Recently, a research team led by Professor Huo Nengjie from the School of Electronic Science and Engineering (School of Microelectronics) at South China Normal University Faculty of Engineering has achieved a breakthrough in the field of short-channel vertical transistors for CMOS inverters and digital logic circuits. Their findings, entitled "Self-aligned vertical short-channel 2D transistors for CMOS inverter and digital logic circuit," have been published in the prestigious international journal Materials Science and Engineering: R: Reports (a CAS Q1 Top journal with an impact factor of 31.6). Yiheng Wang, a second-year master's student at the School of Electronic Science and Engineering (School of Microelectronics), is the first author of the paper, with Professor Huo Nengjie serving as the corresponding author. South China Normal University is listed as the primary affiliation. Through innovative device architecture design, the study introduced a low-cost self-aligned etching technique, successfully fabricating high-performance vertical short-channel transistors (VFETs) and their arrays (2×8). The research demonstrated their application in CMOS inverters and logic circuits, overcoming the limitations of traditional lithography processes and providing a new paradigm for integrated circuit development in the post-Moore era.

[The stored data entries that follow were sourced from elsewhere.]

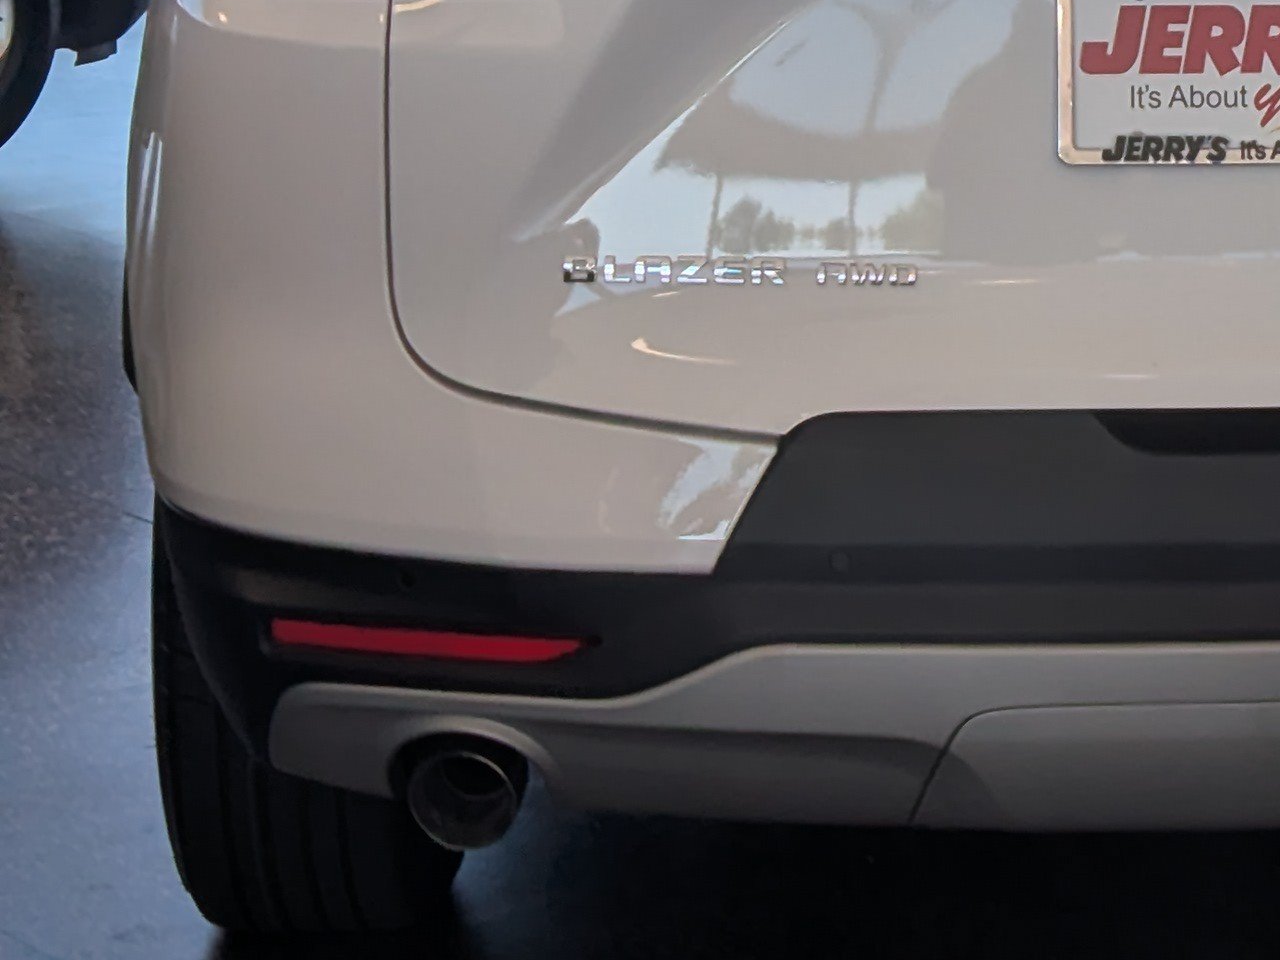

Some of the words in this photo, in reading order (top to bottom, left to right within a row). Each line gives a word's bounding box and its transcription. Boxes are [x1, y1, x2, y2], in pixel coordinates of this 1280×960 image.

[1130, 85, 1162, 109] It's
[1168, 85, 1248, 109] About
[1102, 135, 1229, 162] JERRY'S
[1240, 141, 1267, 160] It's
[563, 255, 785, 283] BLAZER
[816, 262, 917, 285] AWD
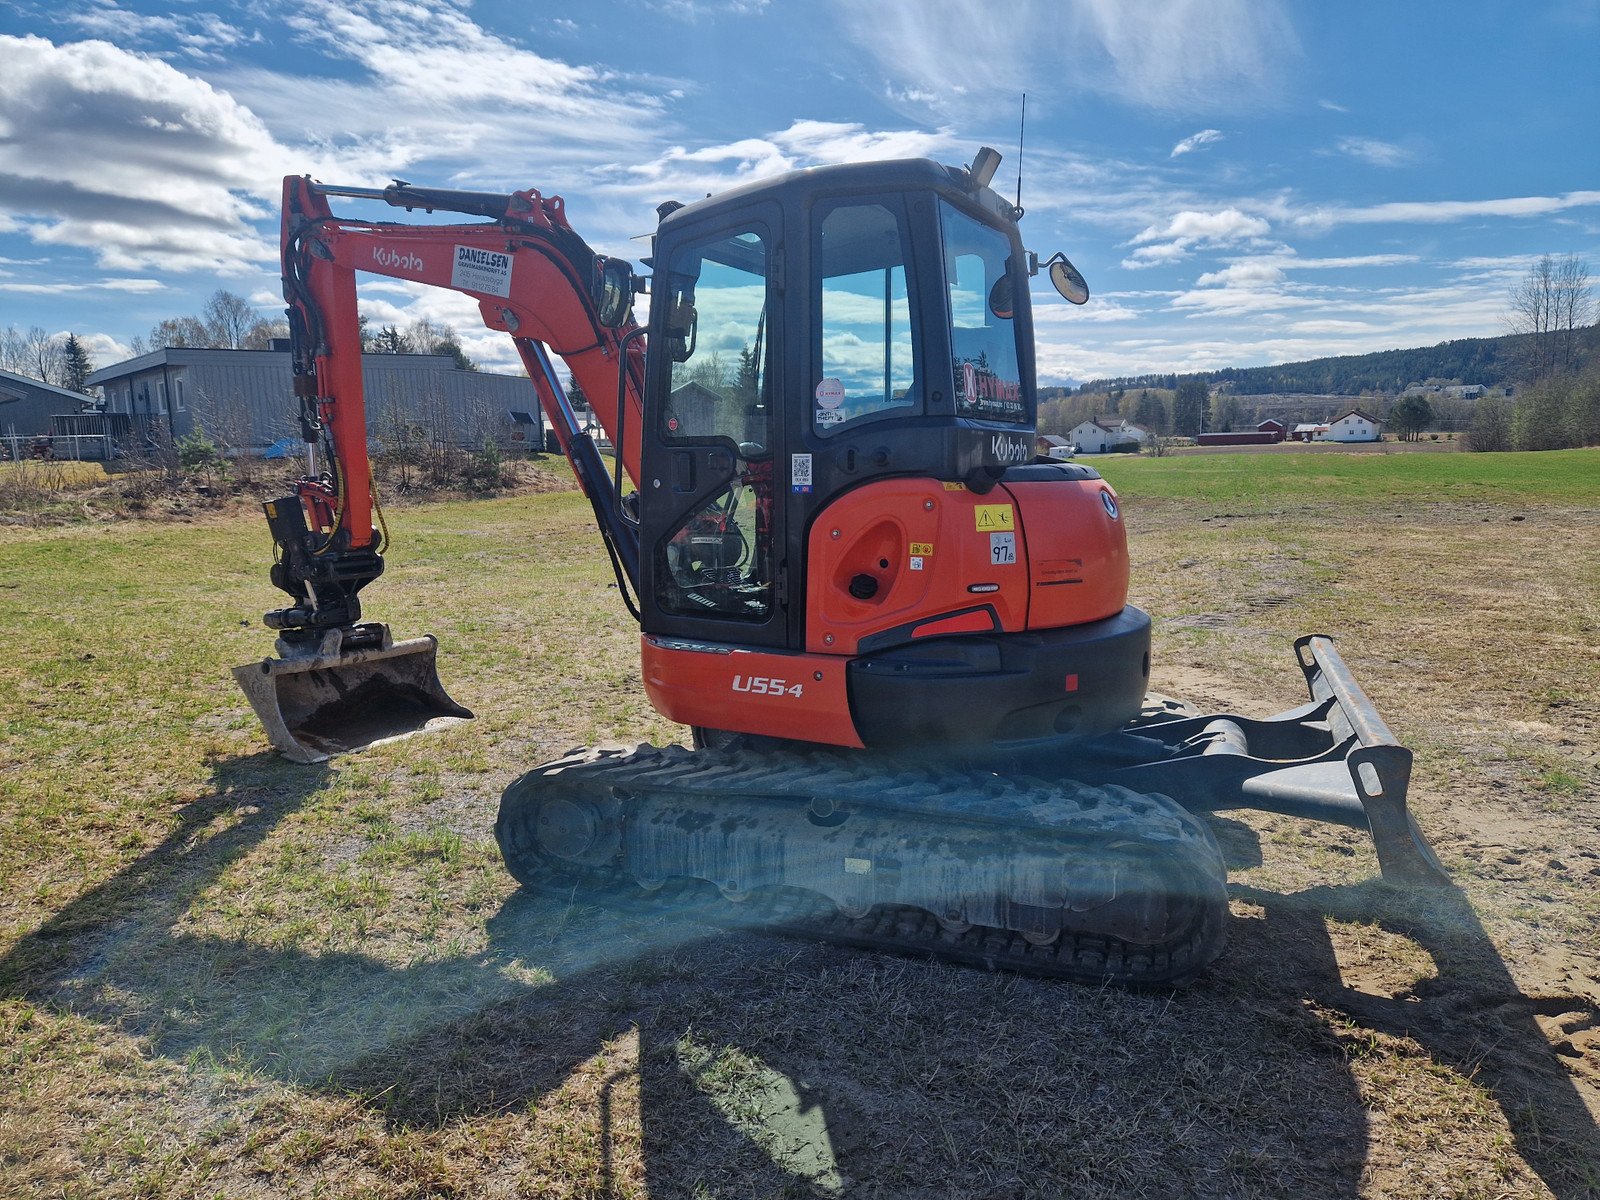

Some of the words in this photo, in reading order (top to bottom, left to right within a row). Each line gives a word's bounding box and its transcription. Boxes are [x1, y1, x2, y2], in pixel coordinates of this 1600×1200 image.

[373, 246, 424, 272] Kubota
[458, 247, 509, 269] DANIELSEN
[501, 269, 508, 277] AS
[991, 435, 1028, 461] Kubota
[993, 546, 1008, 562] 97

Technical Innovation: Self-Aligned Etching Technique Breaks Through Nanofabrication Bottlenecks
Currently, most research relies on electron-beam lithography (EBL) for precise nanoscale patterning. However, this technique involves expensive equipment and high costs, limiting its use to small-scale or single-device fabrication and posing significant challenges for process scalability. For the advancement of practical applications, a well-controlled and CMOS-compatible manufacturing process for large-scale, high-density 2D vertical short-channel transistors has remained elusive.

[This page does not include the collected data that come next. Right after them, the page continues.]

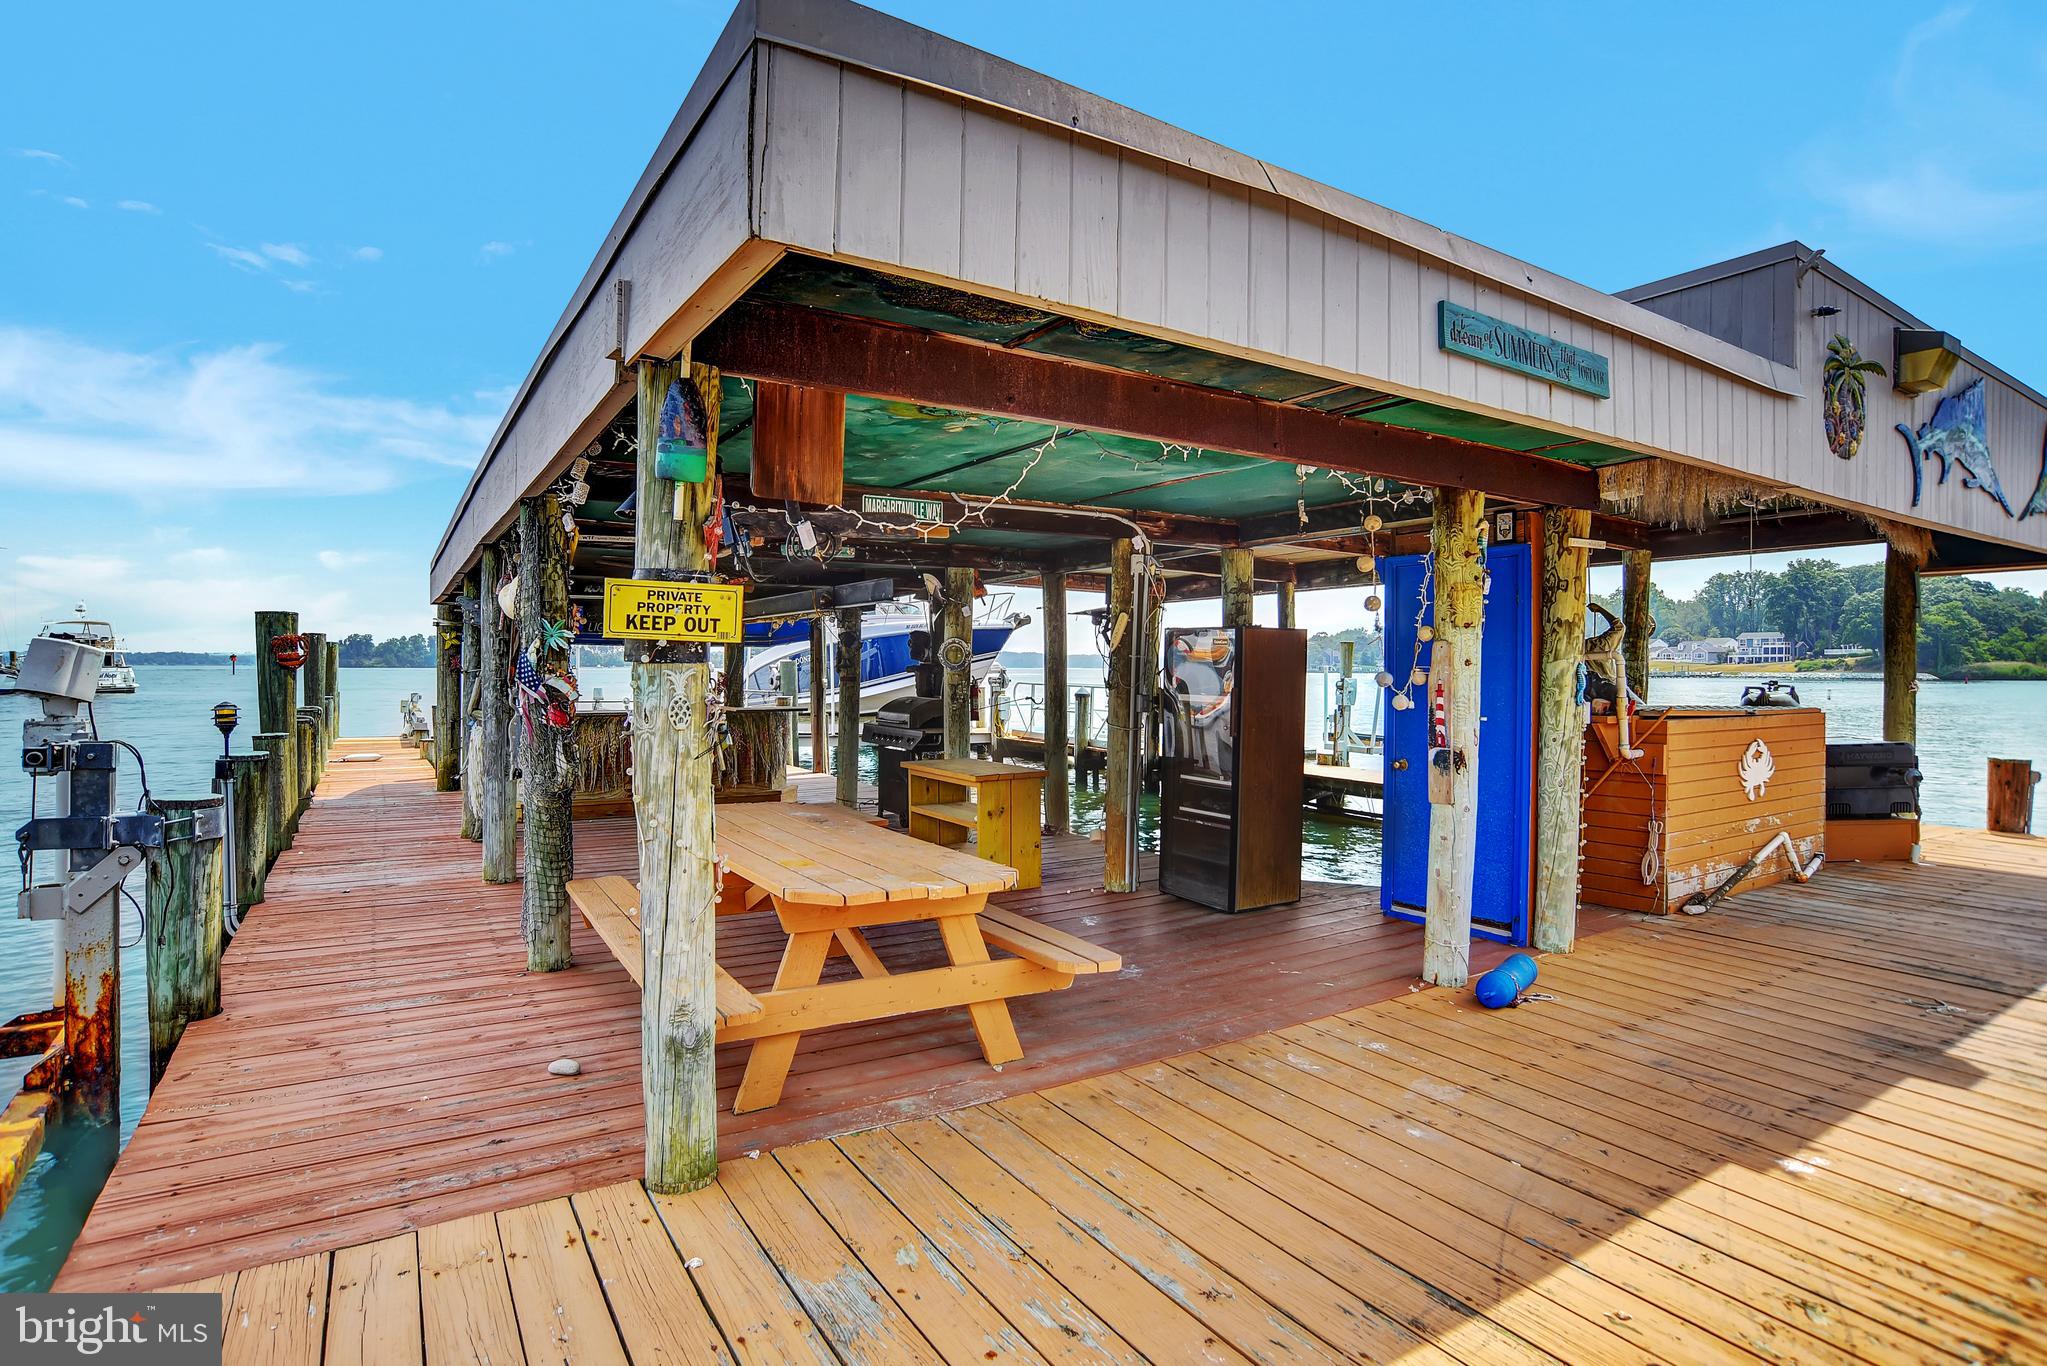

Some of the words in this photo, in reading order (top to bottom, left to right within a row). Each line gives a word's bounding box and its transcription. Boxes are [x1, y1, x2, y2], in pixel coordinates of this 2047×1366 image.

[1450, 320, 1483, 350] dream
[1484, 329, 1494, 349] of
[1494, 325, 1555, 373] SUMMERS
[1559, 346, 1577, 367] that
[1555, 359, 1571, 381] last
[865, 497, 925, 519] MARGARITAVILLE
[926, 503, 941, 520] WAY
[647, 589, 703, 603] PRIVATE
[637, 602, 711, 616] PROPERTY
[626, 614, 676, 632] KEEP
[684, 616, 721, 633] OUT

To address this, the research team developed a method involving sequential etching of metal and silicon dioxide substrates, followed by metal redeposition. This process successfully creates a vertical metal-SiO₂-metal mesa structure. Using this controllable SiO₂ mesa etching technique, the team fabricated vertical short-channel transistors with a channel length (Lch) of approximately 150 nm, demonstrating the potential to scale Lch below 30 nm. The developed self-aligned MoS₂ vertical short-channel transistors exhibit remarkable performance, including a high on-state current (>70 µA/µm) and a large on/off ratio (>10⁸), alongside significantly reduced subthreshold swing (SS) and hysteresis window. Furthermore, based on these self-aligned vertical transistors, the team successfully demonstrated fundamental logic gates such as inverters, NAND gates, and NOR gates. These results highlight the technology's strong potential for application in miniaturized advanced electronic circuits.
Application Prospects: Integrated Arrays and Logic Applications
The self-aligned vertical short-channel 2D transistors presented in this work combine a high on/off ratio, low subthreshold swing, and excellent device uniformity, demonstrating strong compatibility with large-scale integrated circuits. Based on N/P-type VFETs fabricated from MoS₂ and WSe₂, the devices not only achieve high drive current and superior short-channel control but have also been successfully used to construct high-gain CMOS inverters and low-power digital logic gates (NAND and NOR), confirming their feasibility and stability in fundamental digital logic circuits. Furthermore, 2×4 and 2×8 device arrays were designed and fabricated on the same material substrate, demonstrating the favorable process compatibility and scalable integration potential of the proposed device architecture. Given the inherent potential of 2D materials for large-area growth and heterogeneous integration, this work provides crucial technological support and a viable development pathway for realizing next-generation, low-cost, low-power, high-density logic chips and other advanced integrated systems.
This research work has been consistently supported by the National Natural Science Foundation of China, the Natural Science Foundation of Guangdong Province, and the Guangdong Provincial Key Laboratory of Chip and Integration Technology. A patent application has been filed for the related technology.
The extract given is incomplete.